- President: Norman Cabrera
- Chairman: Edilberto Cuenca
- Founder: Reynaldo Pacheco
- Founded: 2004
- Headquarters: Intramuros, Manila
- Ideology: Conservatism Social conservatism Christian democracy
- Political position: Centre-right to right-wing
- National affiliation: TRoPa (2022)
- Senate: 0 / 24
- House of Representatives: 0 / 316
- Provincial governors: 0 / 82
- Provincial vice governors: 0 / 82

Website
- www.kapatiranparty.org

= Ang Kapatiran =

Political party in the Philippines

Ang Kapatiran Party (AKP, lit. 'The Brotherhood Party'), also known as the Alliance for the Common Good, is a political party in the Philippines founded by Reynaldo "Nandy" Pacheco in 2004. The party participated in the 2007 elections and was not affiliated with either major coalition.

== History ==

=== New officers ===
On September 26, 2007, the AKP nominated new officers. Renato H. Peronilla, was appointed as the president, replacing Mario E. Ongkiko. Manolo K. Dayrit became chair and David S. Lim, vice chair. Benjamin P. de Guzman became the vice president, Eric B. Manalang, secretary general, Amador F. Astudillo and Rafael Q. Enriquez, deputy secretaries general, and Ricardo G. Librea the treasurer. Pacheco remained the founder and chair emeritus.
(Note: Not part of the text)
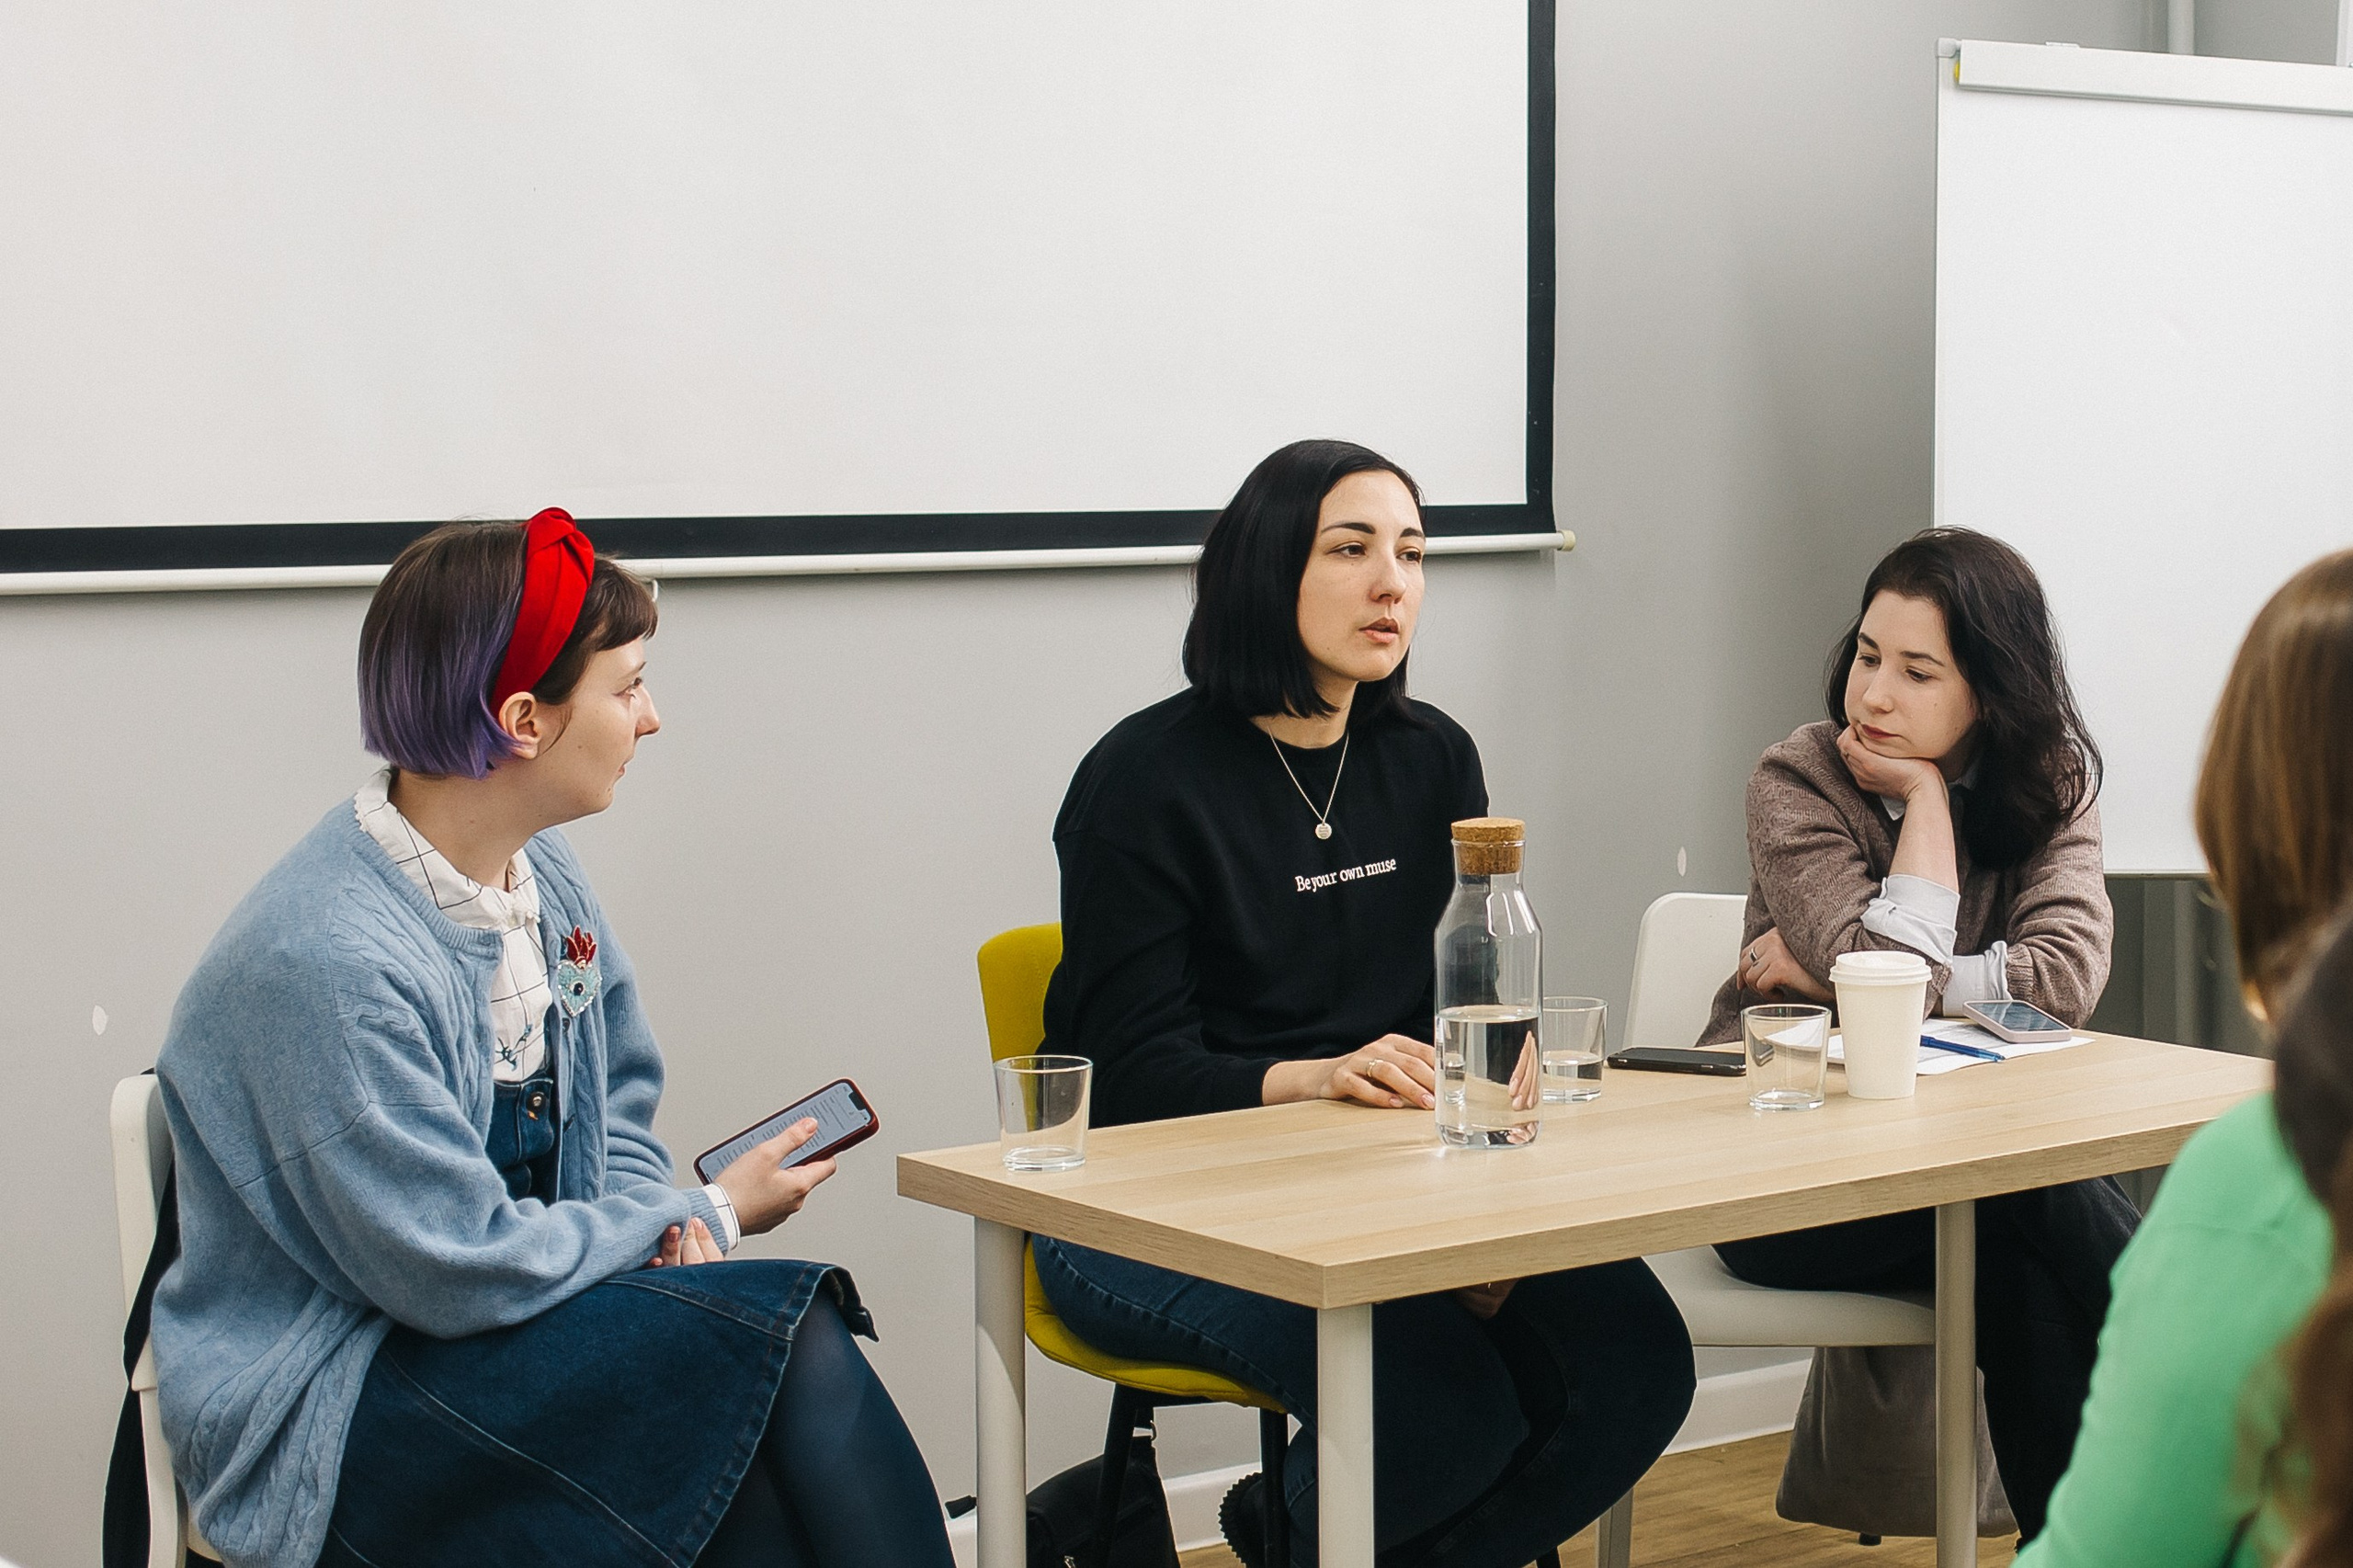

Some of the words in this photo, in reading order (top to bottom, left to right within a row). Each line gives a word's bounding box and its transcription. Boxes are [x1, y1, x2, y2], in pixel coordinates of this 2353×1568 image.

==Beliefs and ideologies==
The AKP's political and social ideology is based on "Traditional Papal" (Catholic) beliefs and is opposed to abortion, divorce, and religious intolerance.

== Electoral candidacies ==

=== 2007 Philippine Senate elections ===
The 2007 Senate elections had three AKP candidates:
- Zosimo Paredes, former executive director for Presidential Commission on the Visiting Forces Agreement.
- Dr. Martin Bautista, a gastroenterologist who spent past 17 years working in the United States.
- Adrian Sison, a tax and family law attorney.

=== 2010 Philippine general election ===
On October 1, 2008, the party launched its campaign for the 2010 general election in Iloilo City at the national convention of the Philippines' Pontifical Council for the Laity. Party secretary-general Eric Manalang announced AKP would field 4,020 candidates, focused on 200 towns and cities with the largest percentage of young voters. AKP fielded 30 candidates in the 2007 Philippine general election, but only John Carlos de los Reyes won as Olongapo City councilor.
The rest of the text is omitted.